To investigate the interaction of TCRαζ and βζ in T cells, we used Jurkat cells (clone E6-1) expressing endogenous TCR as a recipient TCR cell model. We hypothesized that the introduced wtTCRα and β chains or TCRαζ and βζ chains composing heterodimers would result in FRET efficiency between the donor (ECFP) and acceptor (EYFP) fluorescent proteins. Once the introduced TCRαζ and βζ chains paired with endogenous TCRβ and α chains, it would fail to detect FRET between the mispaired TCR (Fig. 5C). We observed that the TCRαζβζ displayed a higher FRET signal compared to wtTCRαβ in Jurkat cells. (Fig. 5A). Six independent cell images and 6 ROI in each cell image were selected for FRET efficiency analysis in each group.

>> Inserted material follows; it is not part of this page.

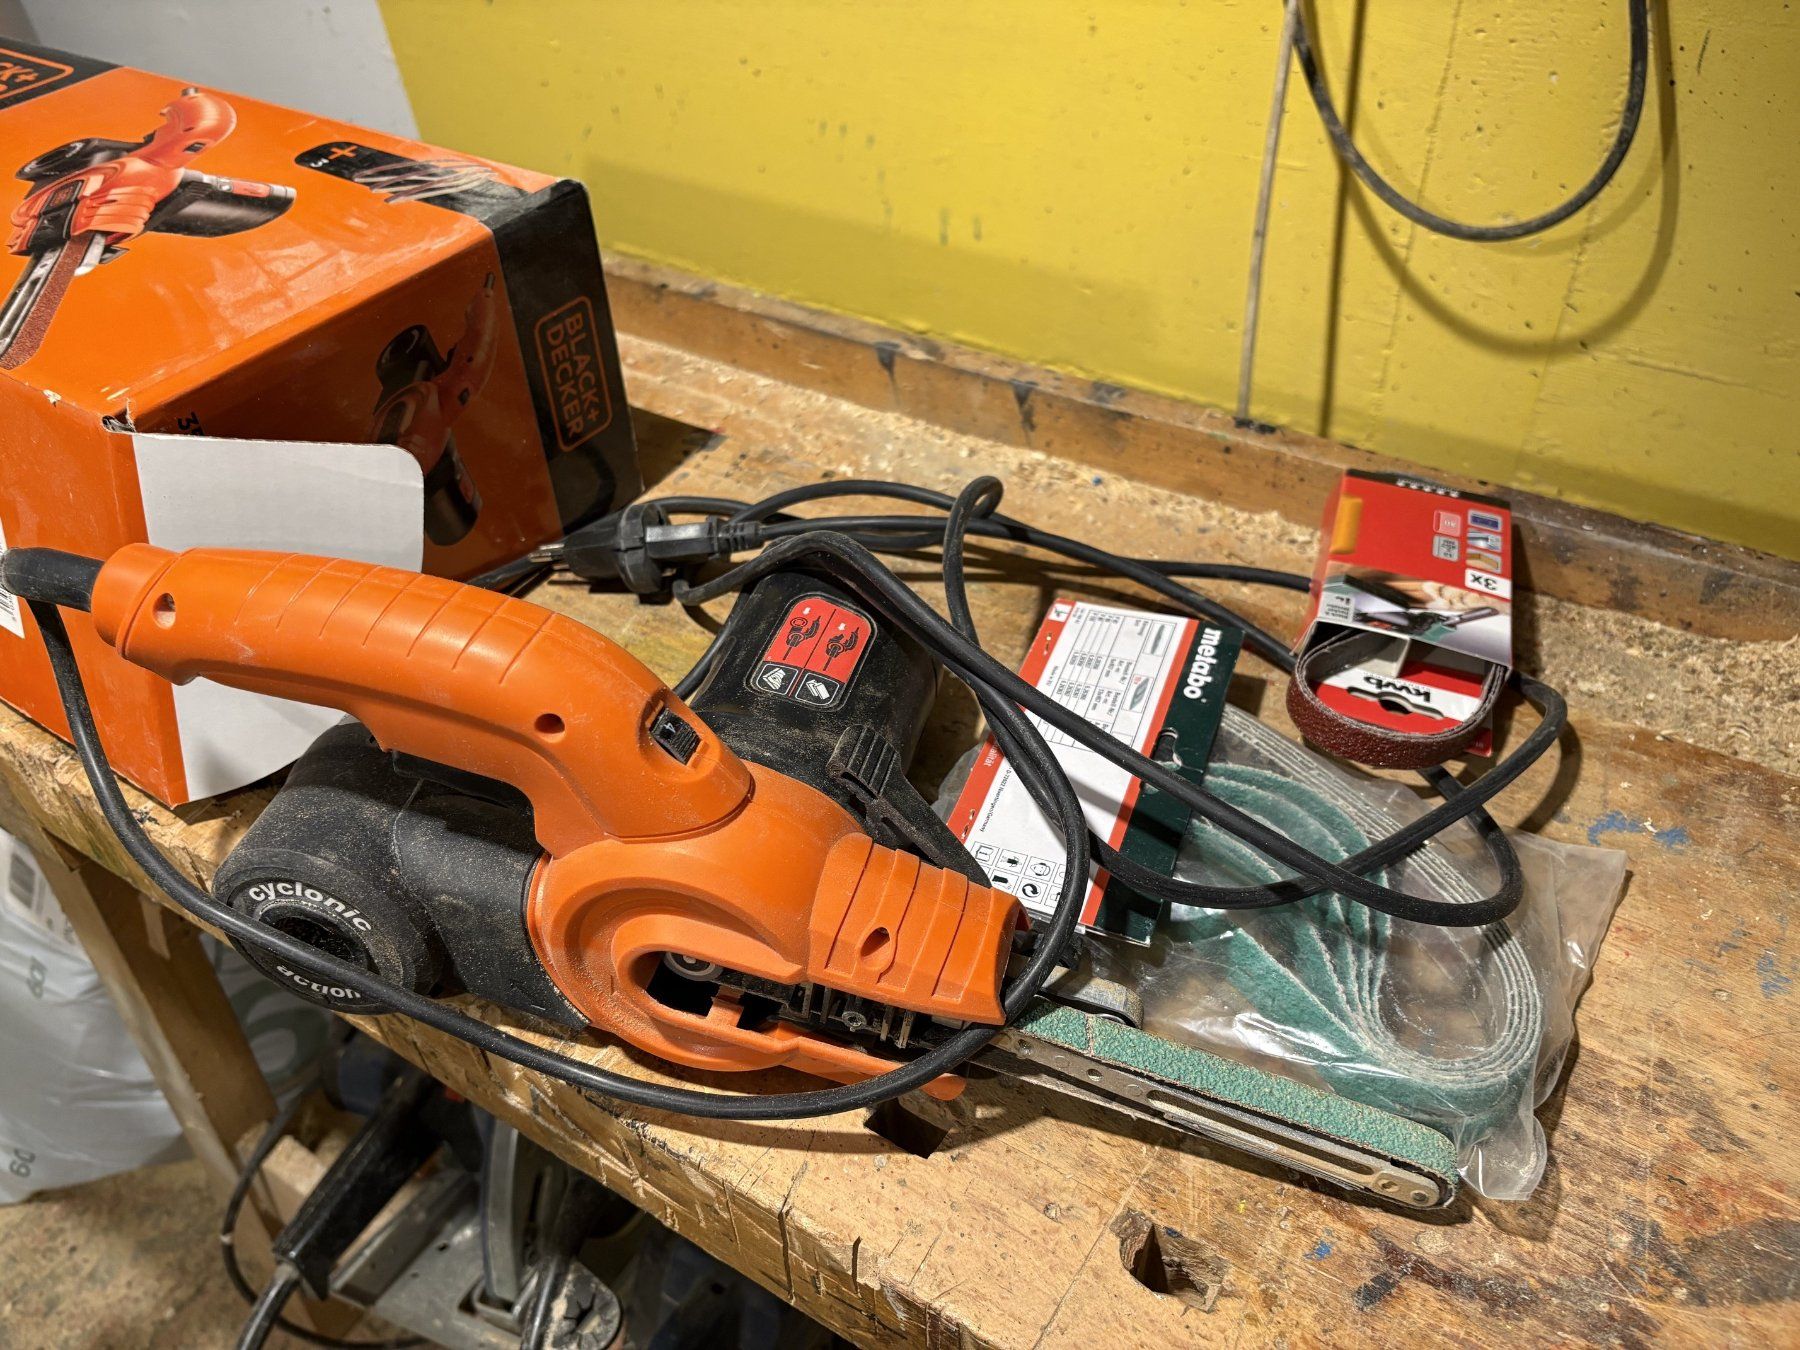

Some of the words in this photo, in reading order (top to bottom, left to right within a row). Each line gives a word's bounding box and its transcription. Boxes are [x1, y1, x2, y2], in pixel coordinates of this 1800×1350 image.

The results from statistical analysis showed that the average FRET efficiency between TCRαζ-ECFP and TCRβζ-EYFP (16.7±2.5%) was significantly increased compared to wtTCRα-ECFP and wtTCRβ-EYFP (7.9±1.3%) in the Jurkat cells (P<0.0001) (Fig. 5D). These data suggested that the fusion of wtTCRα12 and β7 with CD3ζ improved pairing.

To better characterize the highly preferred pairing of TCRαζ and βζ, we selected BEL-7402 cells which are deficient in TCR and CD3 molecules as the next recipient cell model to investigate the interaction of TCRαζβζ and endogenous CD3 subunits. We hypothesized that since there was no endogenous TCR in BEL-7402 cells, the pairing of introduced wtTCRα and β or TCRαζ and βζ would not be interfered with and would result in the same FRET signal. Unexpectedly, we observed that TCRαζβζ still displayed a higher FRET signal compared to wtTCRαβ in BEL-7402 cells (Fig. 5B). The average FRET efficiency between wtTCRα and β chains (10.5±1.0%) was significantly reduced compared to the TCRαζ and βζ chains (17.1±2.1%) in BEL-7402 cells (P<0.0001) (Fig. 5D). The results indicated that the assemble of wtTCRα and β chains was impaired in the absence of CD3 subunits, in spite of no endogenous TCR in the BEL-7402 cells. Of note, we found that the average FRET efficiency between TCRαζ-ECFP and TCRβζ-EYFP in the BEL-7402 cells (17.1±2.1%) was not reduced compared to the Jurkat cells (16.7±2.5%) (P>0.05) (Fig. 5D). These results demonstrated that the expression and assembly of TCRαζβζ was not compromised even without the CD3γɛ, Δɛ and ζζ signaling dimers in the BEL-7402 cells.